Action item:
Every entry below is to be copied exactly as written.
^^^^^^^^^^^^^^^^
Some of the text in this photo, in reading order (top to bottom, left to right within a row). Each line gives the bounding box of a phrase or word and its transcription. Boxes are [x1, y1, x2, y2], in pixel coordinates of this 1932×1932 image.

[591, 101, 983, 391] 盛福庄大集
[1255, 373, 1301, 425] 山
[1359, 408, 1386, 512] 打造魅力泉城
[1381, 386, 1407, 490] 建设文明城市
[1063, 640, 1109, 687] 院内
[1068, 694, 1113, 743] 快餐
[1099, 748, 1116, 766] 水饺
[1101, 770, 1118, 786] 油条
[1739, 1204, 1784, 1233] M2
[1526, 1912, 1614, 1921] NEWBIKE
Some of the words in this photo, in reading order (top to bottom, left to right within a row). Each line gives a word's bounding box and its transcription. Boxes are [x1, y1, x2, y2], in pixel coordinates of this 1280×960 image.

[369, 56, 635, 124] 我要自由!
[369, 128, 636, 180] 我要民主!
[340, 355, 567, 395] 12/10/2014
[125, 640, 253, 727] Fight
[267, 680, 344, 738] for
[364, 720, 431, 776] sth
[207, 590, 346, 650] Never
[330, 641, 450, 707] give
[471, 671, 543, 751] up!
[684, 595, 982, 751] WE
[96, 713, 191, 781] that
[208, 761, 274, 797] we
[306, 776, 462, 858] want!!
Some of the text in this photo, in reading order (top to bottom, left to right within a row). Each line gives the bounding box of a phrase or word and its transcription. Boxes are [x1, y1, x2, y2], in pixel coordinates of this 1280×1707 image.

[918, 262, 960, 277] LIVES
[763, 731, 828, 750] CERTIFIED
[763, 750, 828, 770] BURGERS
^^^^^^^^^^^^^^^^
Solution for this task:
Some of the text in this photo, in reading order (top to bottom, left to right within a row). Each line gives the bounding box of a phrase or word and its transcription. Boxes are [x1, y1, x2, y2], in pixel coordinates of this 1932×1932 image.

[591, 101, 983, 391] 盛福庄大集
[1255, 373, 1301, 425] 山
[1359, 408, 1386, 512] 打造魅力泉城
[1381, 386, 1407, 490] 建设文明城市
[1063, 640, 1109, 687] 院内
[1068, 694, 1113, 743] 快餐
[1099, 748, 1116, 766] 水饺
[1101, 770, 1118, 786] 油条
[1739, 1204, 1784, 1233] M2
[1526, 1912, 1614, 1921] NEWBIKE
Some of the words in this photo, in reading order (top to bottom, left to right within a row). Each line gives a word's bounding box and its transcription. Boxes are [x1, y1, x2, y2], in pixel coordinates of this 1280×960 image.

[369, 56, 635, 124] 我要自由!
[369, 128, 636, 180] 我要民主!
[340, 355, 567, 395] 12/10/2014
[125, 640, 253, 727] Fight
[267, 680, 344, 738] for
[364, 720, 431, 776] sth
[207, 590, 346, 650] Never
[330, 641, 450, 707] give
[471, 671, 543, 751] up!
[684, 595, 982, 751] WE
[96, 713, 191, 781] that
[208, 761, 274, 797] we
[306, 776, 462, 858] want!!
Some of the text in this photo, in reading order (top to bottom, left to right within a row). Each line gives the bounding box of a phrase or word and its transcription. Boxes are [x1, y1, x2, y2], in pixel coordinates of this 1280×1707 image.

[918, 262, 960, 277] LIVES
[763, 731, 828, 750] CERTIFIED
[763, 750, 828, 770] BURGERS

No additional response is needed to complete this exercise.